Marvena Aprilliani adalah seorang
anak keluarga broken home. Ayahnya meninggalkannya ketika umurnya baru 1 bulan.
Ibunya adalah seorang pekerja kantor yang tangguh dan pintar sehingga bisa
membiayai sekolah anaknya di sekolah elit.
“Vena…. Baru datang nih? Kenapa
telat?” tanya Arvel, sahabatnya.
“Mama…. Mama ke Hongkong, aku nggak
ada yang bangunin tadi. Makanya aku telat,” jawab Vena.
“Emang kamu bangun jam berapa?” tanya
Arvel sambil mengambil buku Matematikanya.
“Jam setengah tujuh,” jawab Vena
santai.
“Astaga, Vena! Kamu nggak pasang jam
weker?”
“Udah bunyi, sih. Trus aku matikan,
biar damai. Hehehe….”
“Besok aku akan bangunin kamu!” kata
Arvel. Vena hanya mengangguk karena Bu Kiren udah datang.

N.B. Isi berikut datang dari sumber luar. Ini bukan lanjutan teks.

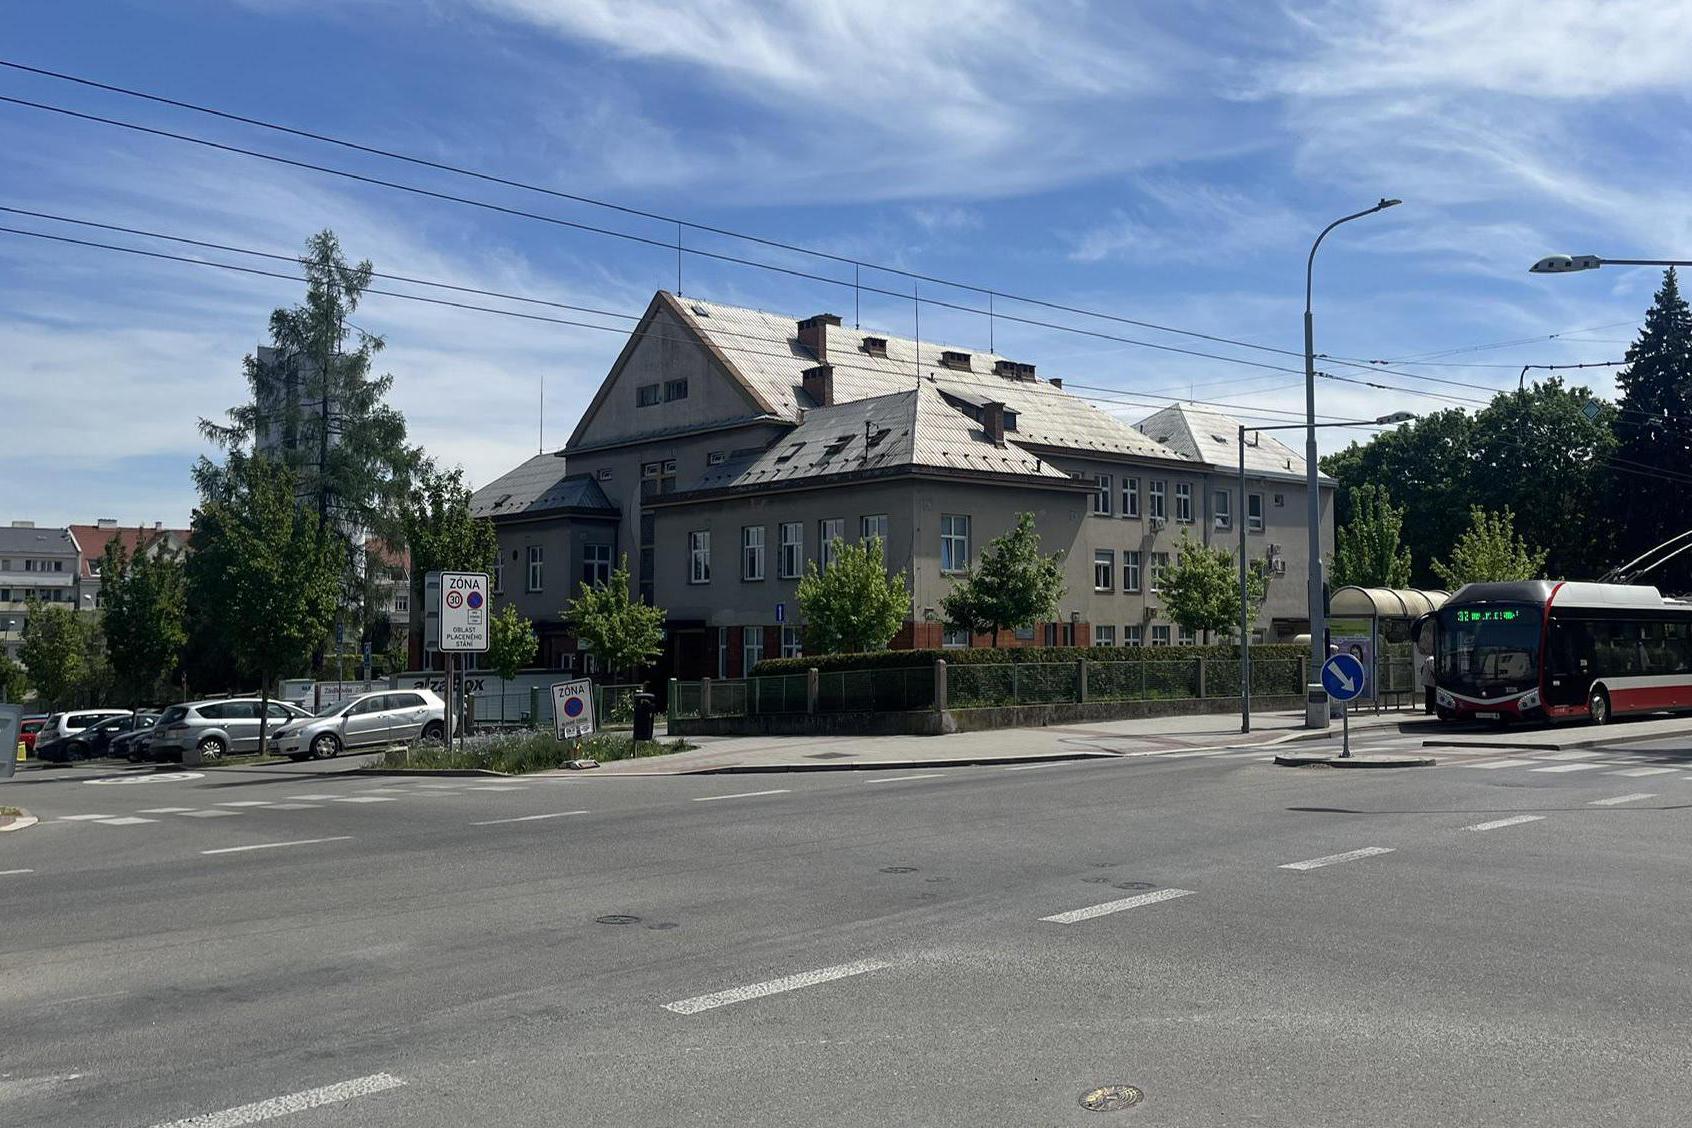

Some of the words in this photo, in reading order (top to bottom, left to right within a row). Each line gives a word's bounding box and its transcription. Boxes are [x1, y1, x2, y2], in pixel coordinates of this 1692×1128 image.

“Ven, lu jahat bangat sih?! Lu pukul
Aji pake apa, hah? Lu pikir kepala Aji sekuat tembok, apa? Udah tau Aji itu
badannya lemes, eh malah dipukul lagi!” serang Arvel pada Vena.
“Maaf, Vel. Aku nggak sengaja. Tadi
aku lagi asyik main basket, nggak taunya waktu aku ngeshoot, waktu itu juga Aji
lewat. Maafin aku, Vel…. Aku bener-bener nggak sengaja,” pinta Vena.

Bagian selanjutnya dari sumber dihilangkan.